Dataset items

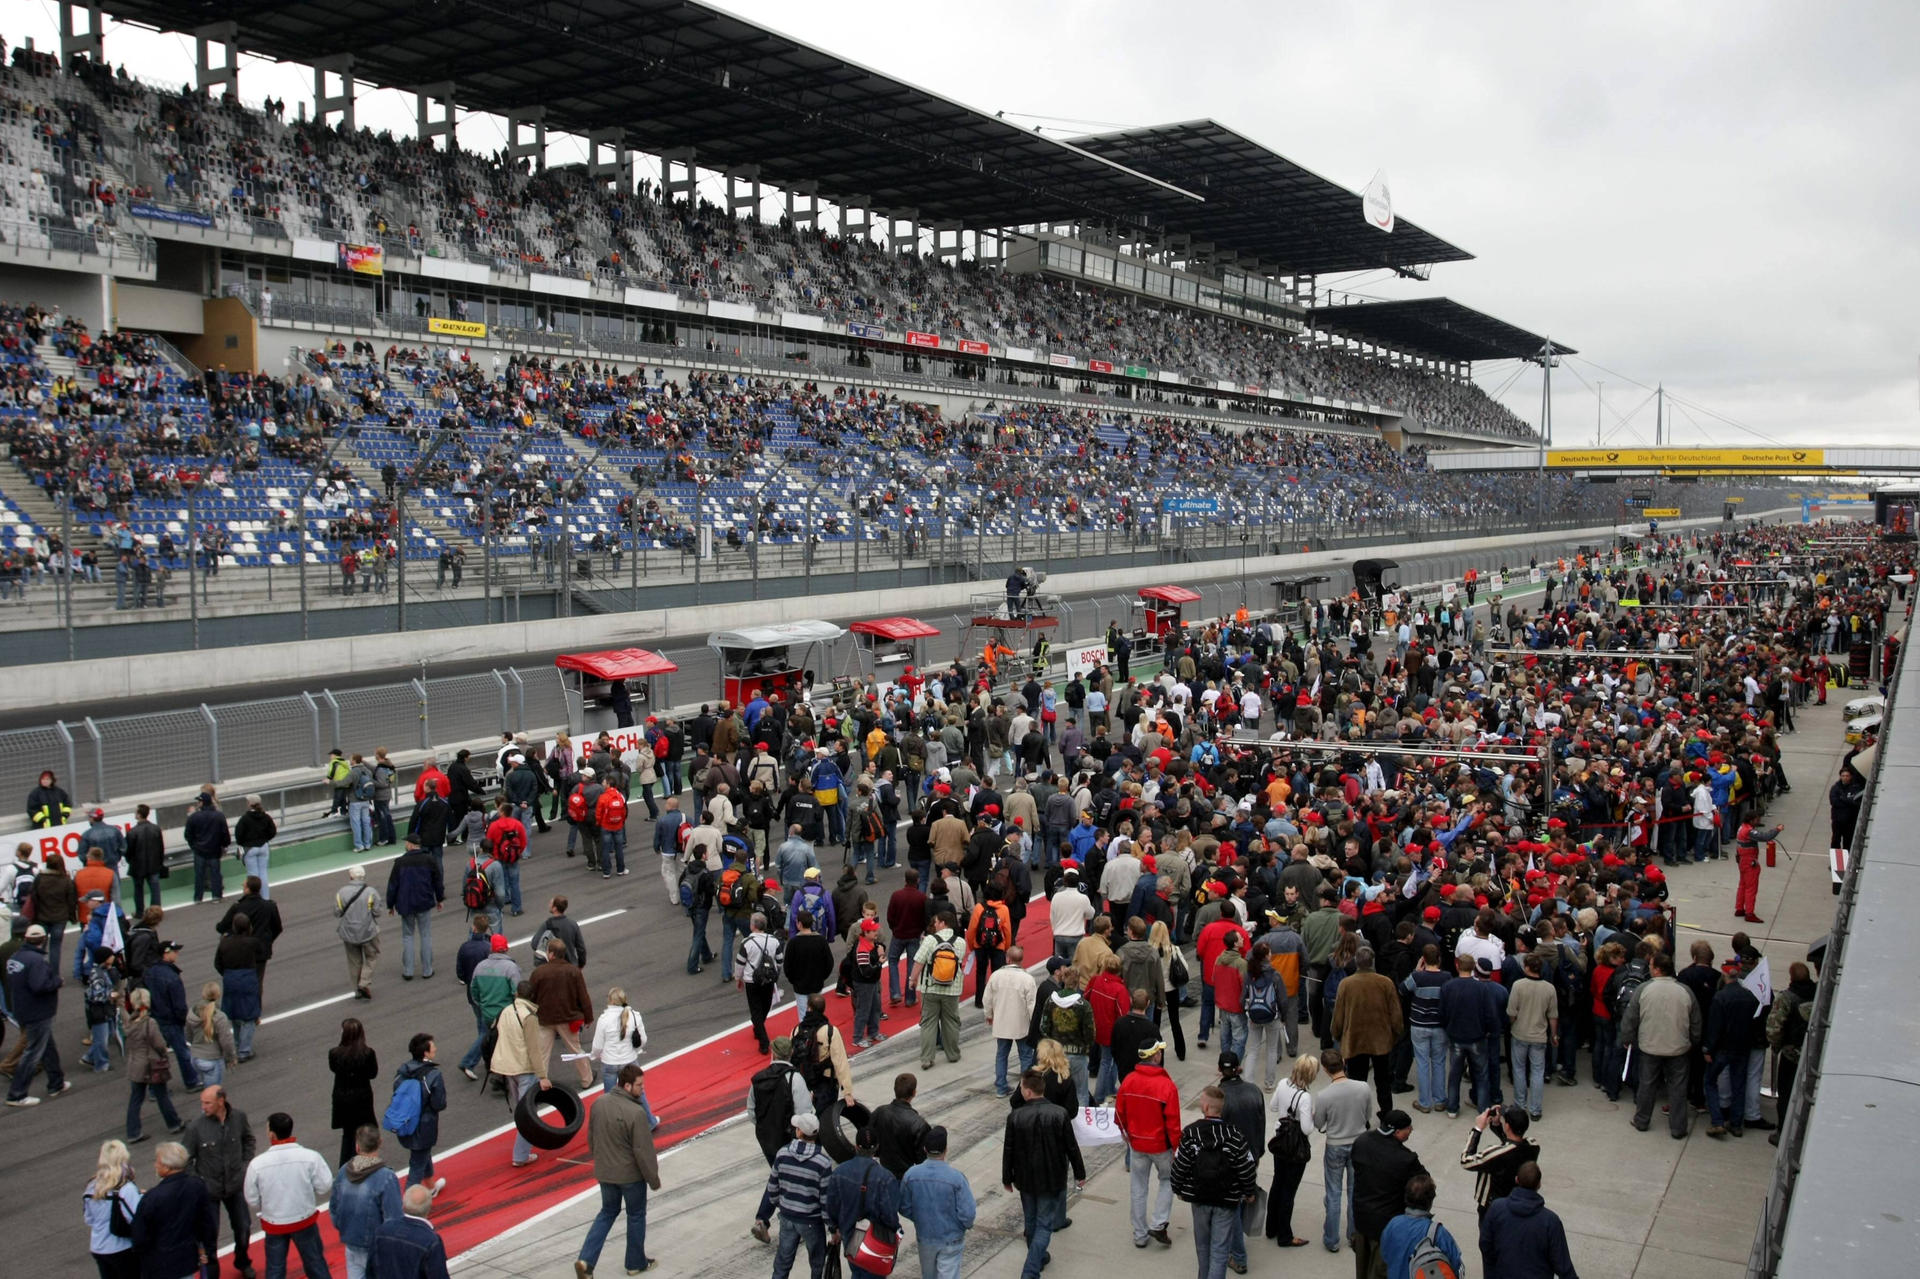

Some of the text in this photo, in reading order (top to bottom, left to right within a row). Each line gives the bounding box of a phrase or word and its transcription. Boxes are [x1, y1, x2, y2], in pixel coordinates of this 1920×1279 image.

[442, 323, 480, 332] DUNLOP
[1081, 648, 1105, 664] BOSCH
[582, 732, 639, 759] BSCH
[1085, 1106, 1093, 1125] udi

• [Goal of the exercise]: Give the records a second time exactly, keeping the images out.

• [Exercise output]:
Some of the text in this photo, in reading order (top to bottom, left to right within a row). Each line gives the bounding box of a phrase or word and its transcription. Boxes are [x1, y1, x2, y2], in pixel coordinates of this 1920×1279 image.

[442, 323, 480, 332] DUNLOP
[1081, 648, 1105, 664] BOSCH
[582, 732, 639, 759] BSCH
[1085, 1106, 1093, 1125] udi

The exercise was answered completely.